2020 was the weirdest year ever. Not only did an unprecedented virus rage across the planet, but we saw an Oompa-Loompa lose the US election, the Pentagon declare that aliens are now among us and just… the Tiger King.
Yet just when you thought you were safe from the madness, along comes 2021 with even crazier behaviour – you ain’t seen nothing yet. Here are five things that are happening as we speak that definitely aren’t conspiracy theories.
A huge 5G cell tower is melting all the icecaps
Big tech is everywhere, man, even the North Pole. Think about it: they can’t build those gigantic 5G towers in a populated area because it’ll give the game away, so how about a place where nobody goes?
The problem is, all of that radiation blasting out has consequences. First, radioactive polar bears – as if the natural kind aren’t scary enough, imagine a super-sized glowing mutant bear chasing you. Next, simple science tells us that all that heat is going to melt the ice away at a rapid rate.
So, next time some scientific expert who’s spent most of their adult life studying the subject tells you that ‘climate change’ is causing sea levels to rise, just shake your head and say ‘nope…it’s 5G. I read some article on the internet’.
Maths isn’t real
All those hours sat through Maths class…for what? Since when does ‘y’ equal anything anyway? TikToker Gracie Ham went viral recently for asking if maths is even real, and it’s not like anyone has come up with an answer.
The question has opened up a debate between philosophers and mathematicians, with many of them saying several mathematical concepts depend on the society they were created in; that is, if humanity had taken a different course, would things like algebra even exist?
How about taking things a step further…who’s to say that three apples plus two apples is five apples? Are apples even real? If we believe John Lennon, then nothing is real, including maths.
People who can ‘see into the future’ are running the world
Ever wondered how the super-rich got their money? Forget hard work, luck or a big inheritance…most of them earned their fortunes with a mystic ability to see into the future.
Bill Gates saw a future filled with computers in his crystal ball back in the 70s, Jeff Bezos had a premonition of the Covid pandemic causing mass online shopping when he was a teenager…the list goes on. Ever wondered how Elon Musk got the money to start up Tesla?
He simply wrote down the winning lottery numbers that had come to him in a dream.
Everyone knows that seeing into the future is the surest way to riches, which is why all fortune-tellers are billionaires.
This theory will gain credence in 2021 as more people become ‘Crypto millionaires’ than ever before. Think their success is down to logic and skill? Nope. They’re just clairvoyants.
Covid masks contain mini CCTV cameras
Technology is pretty sophisticated these days. Not only can we use the latest gadgets to play games on our watches, charge devices wirelessly and stream movies in seconds, but we can also fit really small things into really small spaces.
Consider the face mask. Once the domain of bank robbers and surgeons only, we’re now told we have to wear one to stop a deadly virus in its tracks? Sounds convenient – a little too convenient.
Maybe masks are a way to spy on us. Just slit open each mask’s fabric and slide the latest technology in there – not time-consuming or expensive at all. Next up will be recording equipment in boxer shorts, and hats with antennas built into them. Don’t say you haven’t been warned.
Joe Biden is the ‘fifth Beatle’
Let’s look at the facts here. Joe Biden was born in 1942: so was Paul McCartney. Joe Biden has Irish heritage: so does Paul McCartney (and John Lennon). Joe Biden was in the States in the 1960s: so were the Beatles as part of the famous British Invasion.

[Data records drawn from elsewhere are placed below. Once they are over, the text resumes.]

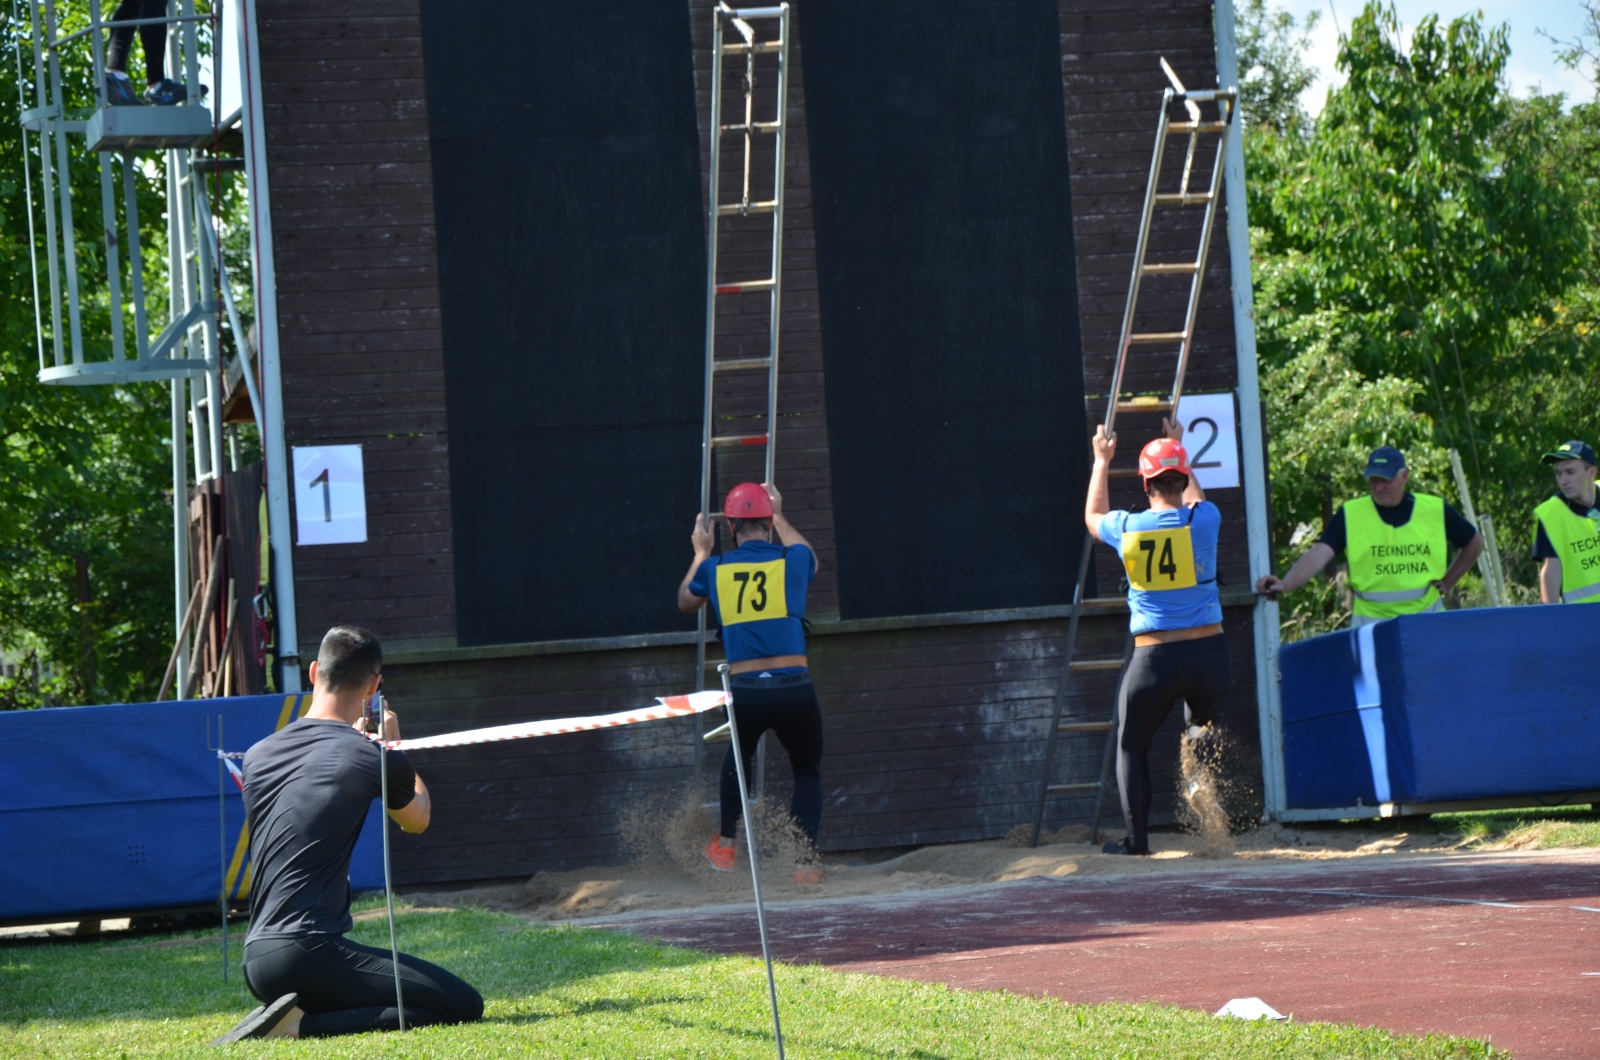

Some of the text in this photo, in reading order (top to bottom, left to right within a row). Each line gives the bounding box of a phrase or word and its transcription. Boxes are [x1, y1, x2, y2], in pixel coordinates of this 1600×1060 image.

[1187, 417, 1222, 469] 2
[309, 468, 332, 523] 1
[1139, 537, 1177, 583] 74
[1375, 562, 1429, 575] SKUPINA
[1581, 554, 1600, 570] SK
[733, 570, 767, 614] 73
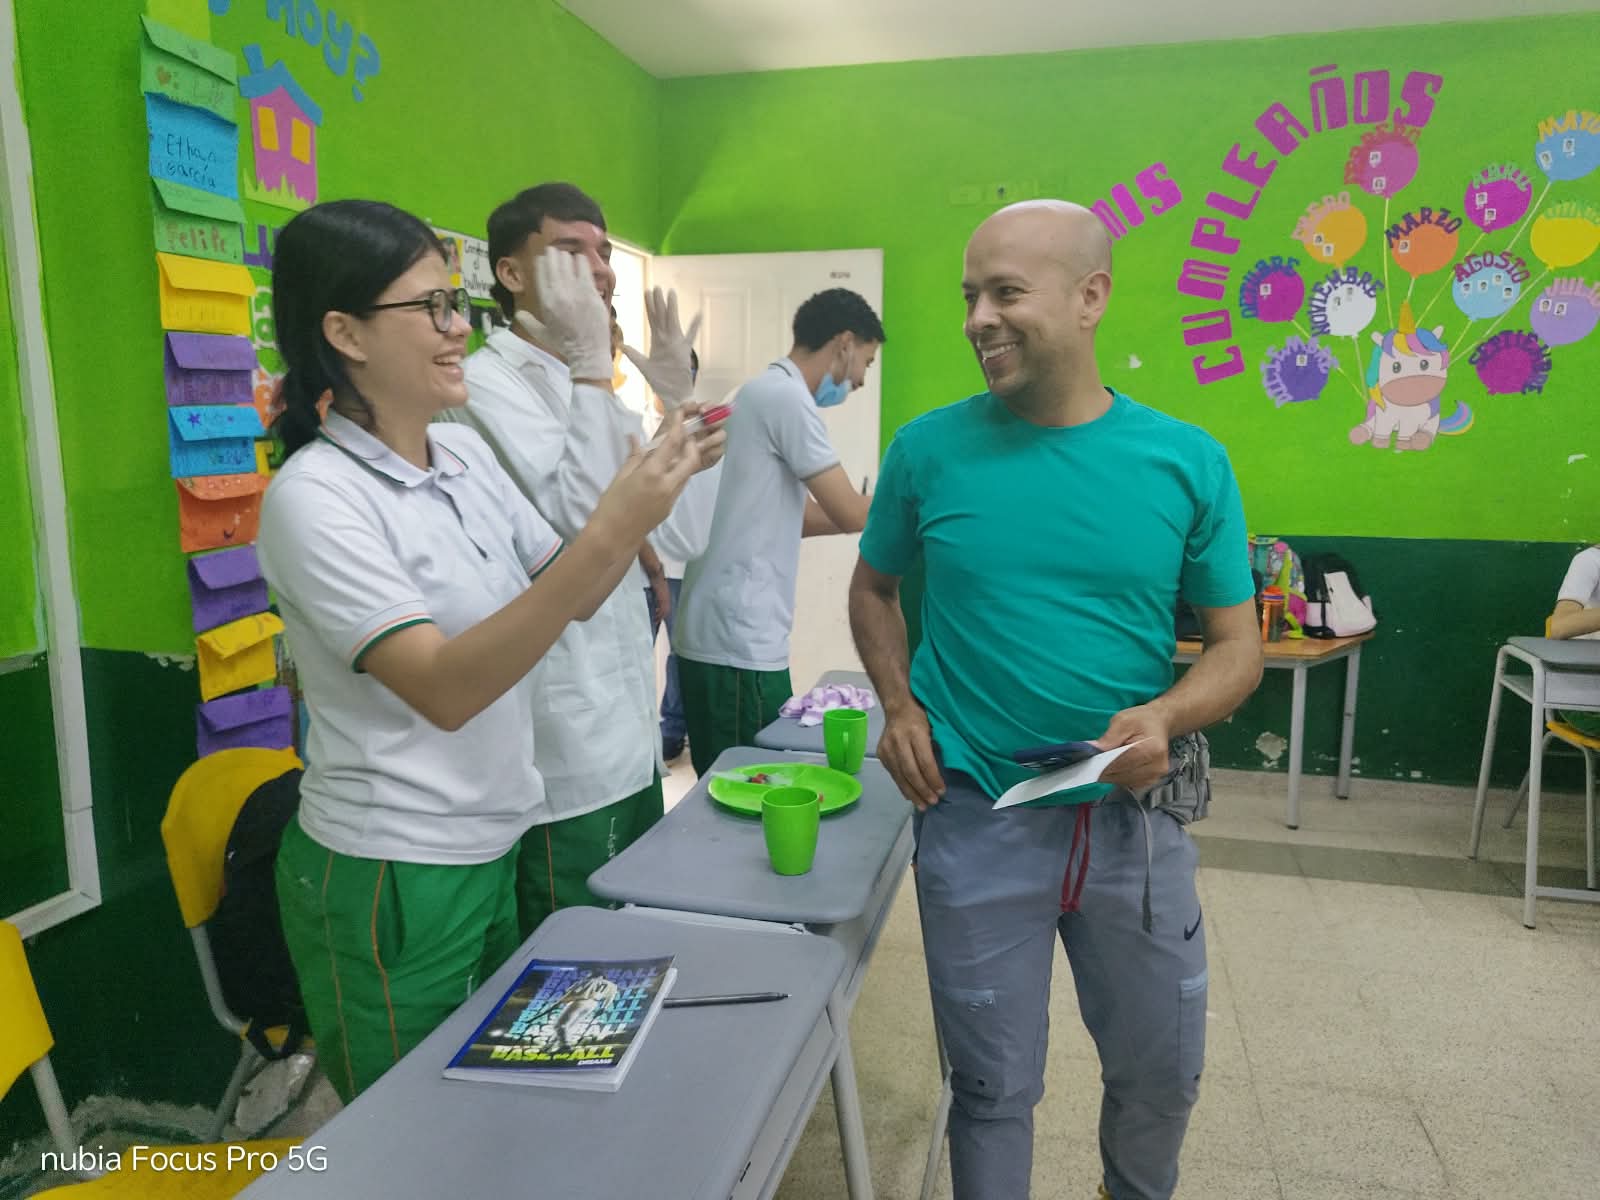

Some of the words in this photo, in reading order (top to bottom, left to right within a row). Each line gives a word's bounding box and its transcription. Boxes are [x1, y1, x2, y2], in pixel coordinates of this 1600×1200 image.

[1177, 63, 1444, 385] CUMPLEAÑOS
[1385, 206, 1463, 249] MARZO
[1453, 249, 1531, 284] AGOSTO
[1307, 266, 1385, 338] NOVIEMBRE
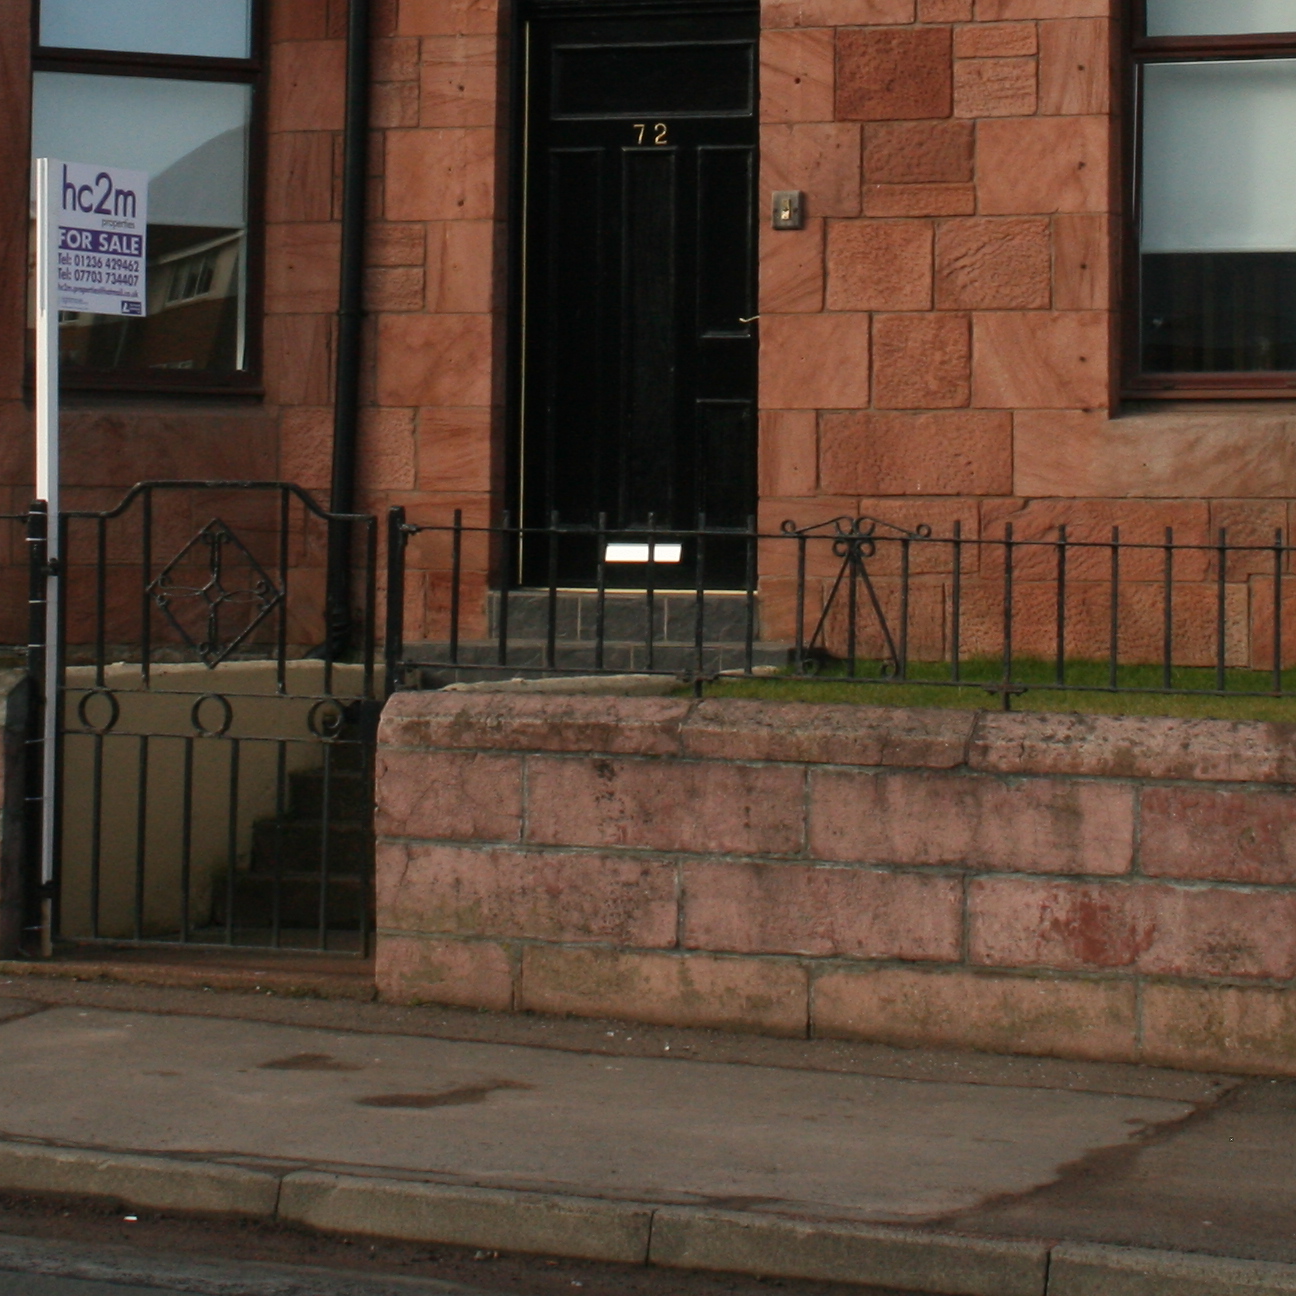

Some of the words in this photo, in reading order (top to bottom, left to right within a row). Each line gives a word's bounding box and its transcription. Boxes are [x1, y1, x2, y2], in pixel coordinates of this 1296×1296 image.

[633, 123, 667, 144] 72
[62, 163, 137, 218] hc2m
[101, 218, 135, 230] properties
[58, 229, 92, 250] FOR
[99, 233, 140, 255] SALE
[58, 252, 72, 266] Tel:
[74, 254, 102, 269] 01236
[105, 258, 139, 272] 429462
[58, 267, 72, 280] Tel:
[74, 269, 102, 283] 07703
[105, 272, 139, 286] 734407

If all that isn’t enough, take a look at old Beatles photos. There’s normally a fifth guy hanging around, right? Well, that guy happens to be a young Joe, providing backing vocals and clapping his hands in time to classics such as Love Me Do and I Wanna Hold Your Hand.
Joe eventually got tired of screaming fans, touring the world and earning a ton of money for playing music, so he chose a career in politics instead. He’s never forgotten his Beatles roots though – just take a look at his recent inauguration ceremony: one of the songs? Beatles classic Here Comes The Sun, lovingly performed by Jon Bon Jovi.